## WORK REQUIRED
Exactly reproduce all the records, keeping pictures out of the copy.

START MATERIAL SUPPLIED

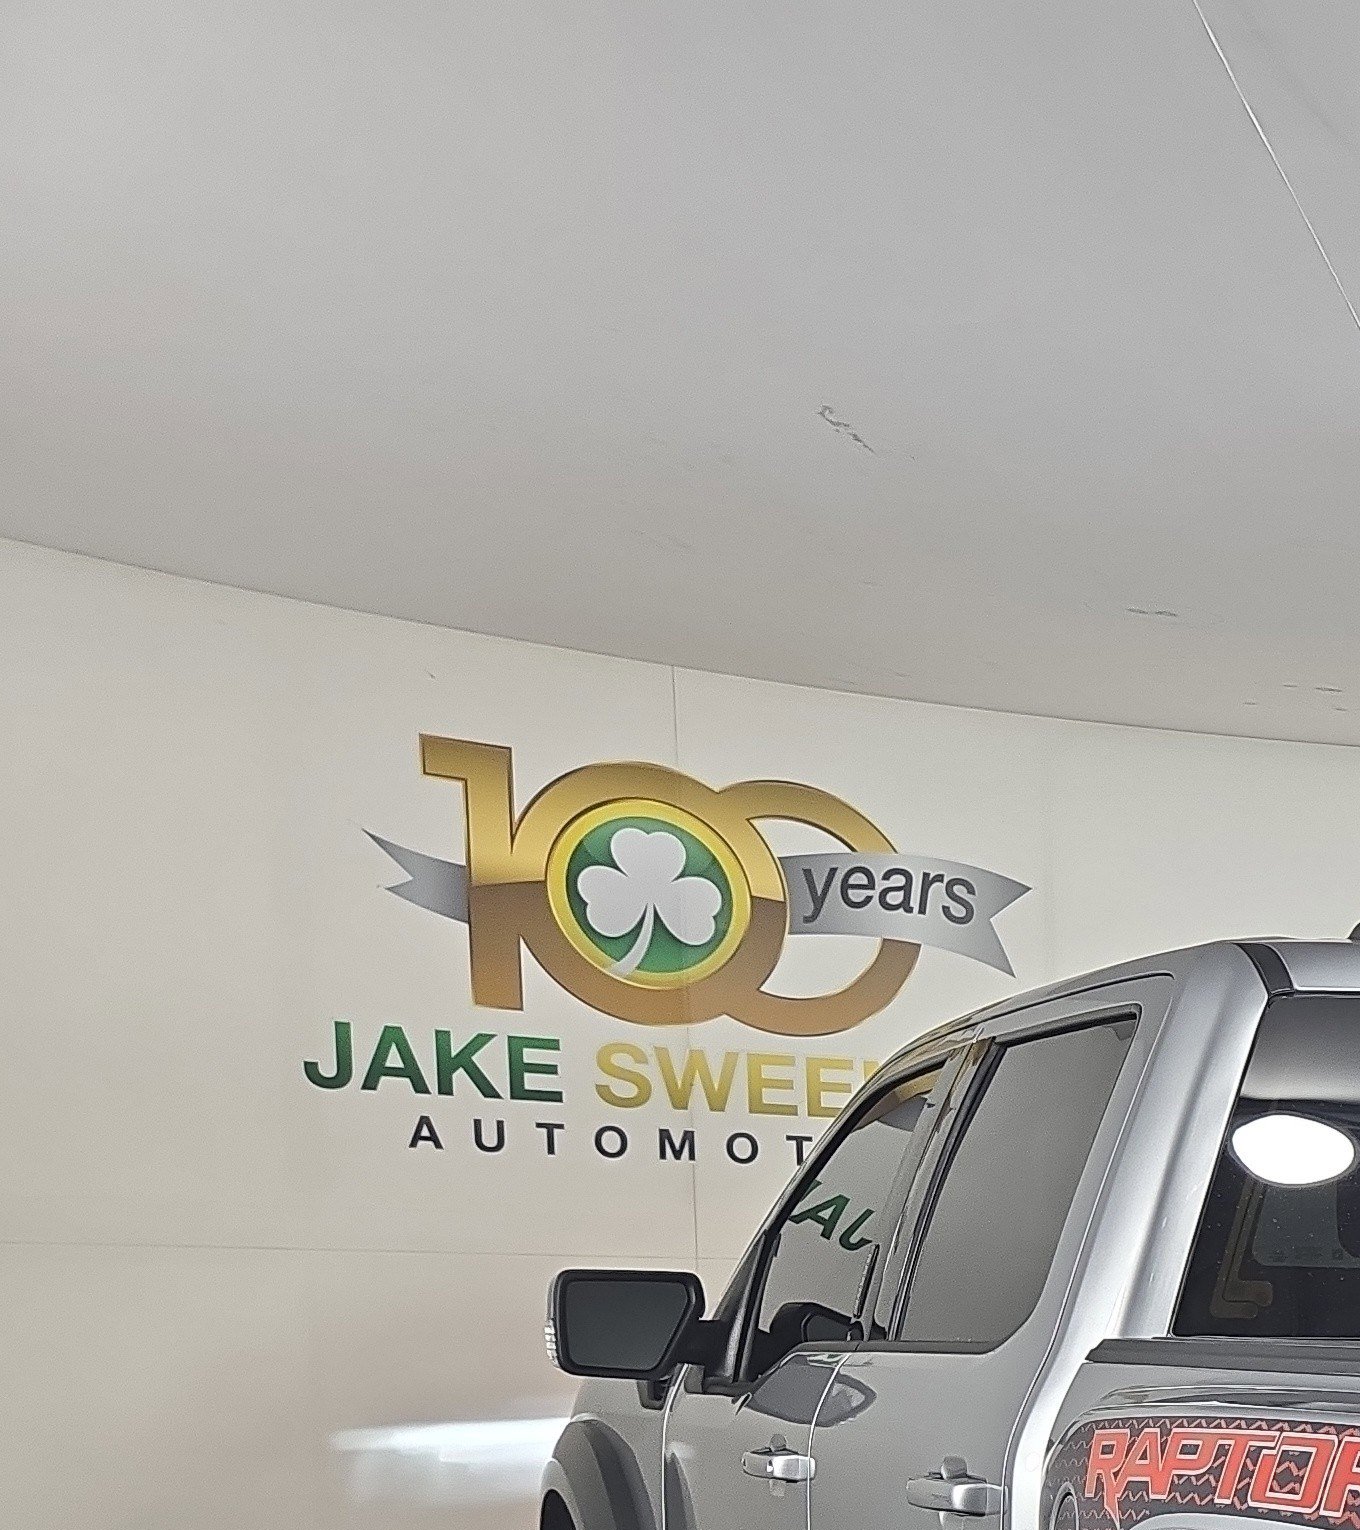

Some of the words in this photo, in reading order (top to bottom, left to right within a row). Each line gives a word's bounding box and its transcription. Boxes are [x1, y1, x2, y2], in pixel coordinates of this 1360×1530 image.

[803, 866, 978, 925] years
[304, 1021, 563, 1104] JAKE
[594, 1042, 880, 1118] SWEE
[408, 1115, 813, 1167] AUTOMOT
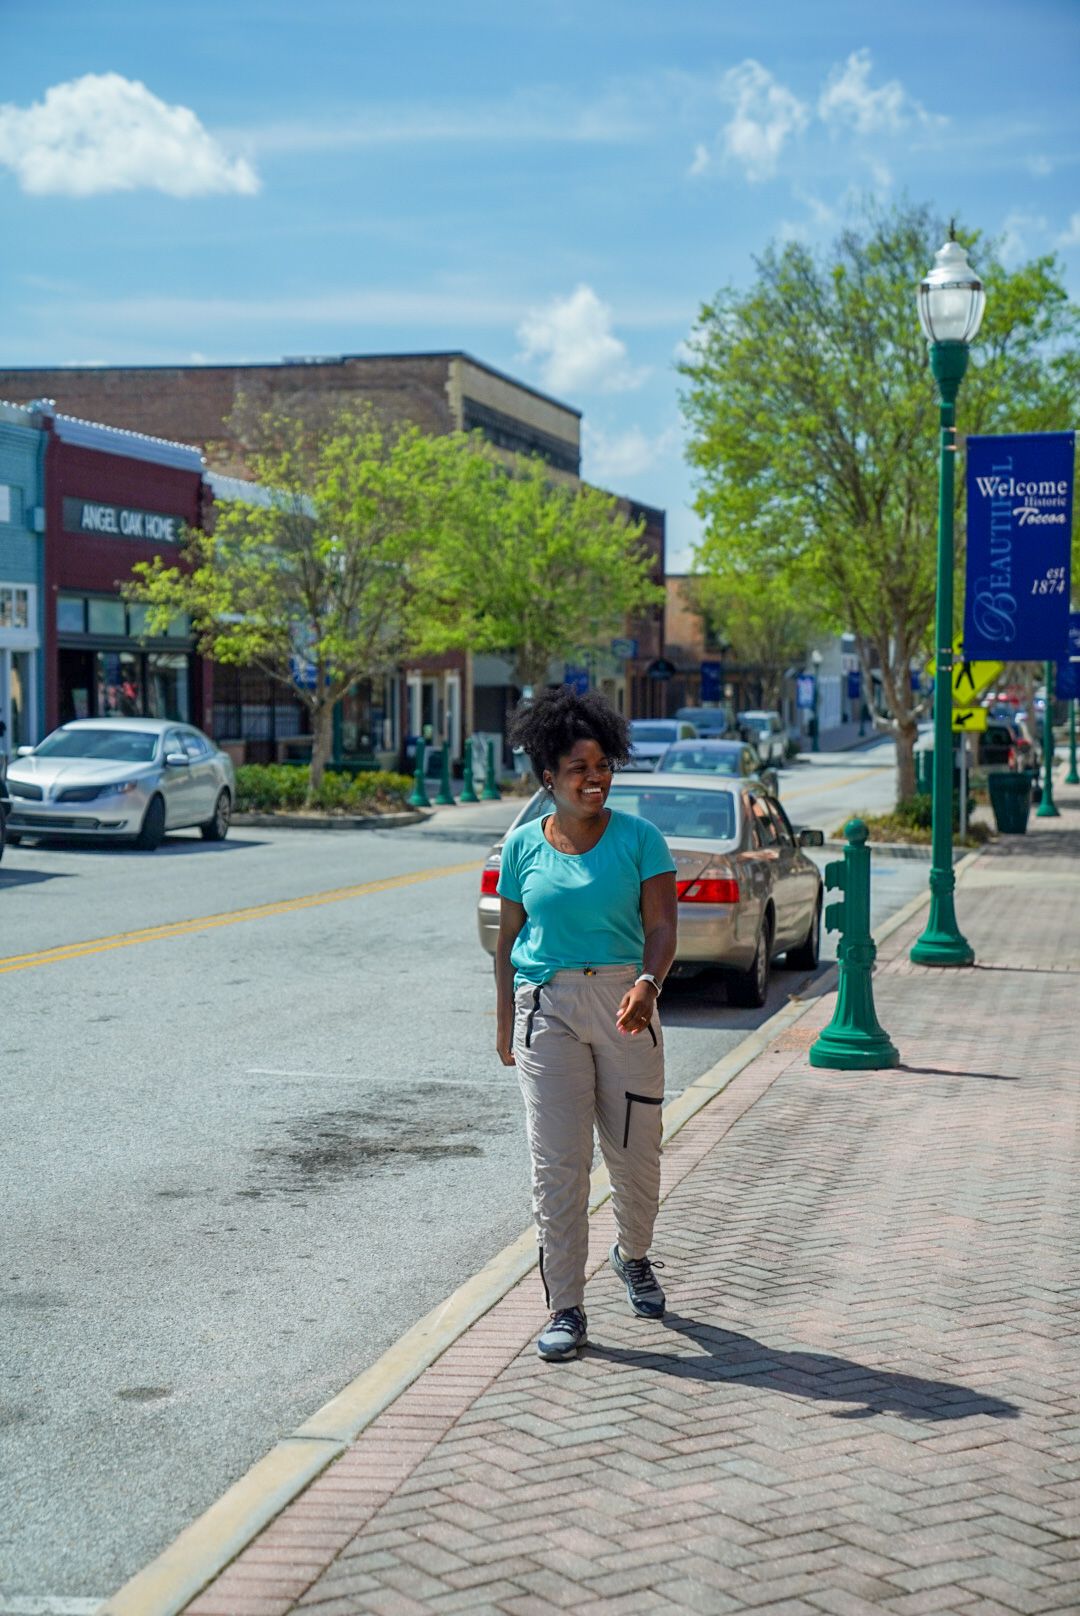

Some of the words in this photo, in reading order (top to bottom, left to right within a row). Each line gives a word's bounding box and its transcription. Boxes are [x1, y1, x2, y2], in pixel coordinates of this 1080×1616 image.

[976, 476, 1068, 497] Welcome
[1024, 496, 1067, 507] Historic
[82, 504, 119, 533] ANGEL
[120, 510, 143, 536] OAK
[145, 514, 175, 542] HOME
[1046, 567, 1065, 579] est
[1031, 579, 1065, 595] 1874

END MATERIAL SUPPLIED

## YOUR SOLUTION
Some of the words in this photo, in reading order (top to bottom, left to right within a row). Each line gives a word's bounding box and its transcription. Boxes are [x1, y1, x2, y2], in pixel coordinates of this 1360×1530 image.

[803, 866, 978, 925] years
[304, 1021, 563, 1104] JAKE
[594, 1042, 880, 1118] SWEE
[408, 1115, 813, 1167] AUTOMOT

Some of the words in this photo, in reading order (top to bottom, left to right within a row). Each line gives a word's bounding box and its transcription. Boxes are [x1, y1, x2, y2], in pixel coordinates of this 1080×1616 image.

[976, 476, 1068, 497] Welcome
[1024, 496, 1067, 507] Historic
[82, 504, 119, 533] ANGEL
[120, 510, 143, 536] OAK
[145, 514, 175, 542] HOME
[1046, 567, 1065, 579] est
[1031, 579, 1065, 595] 1874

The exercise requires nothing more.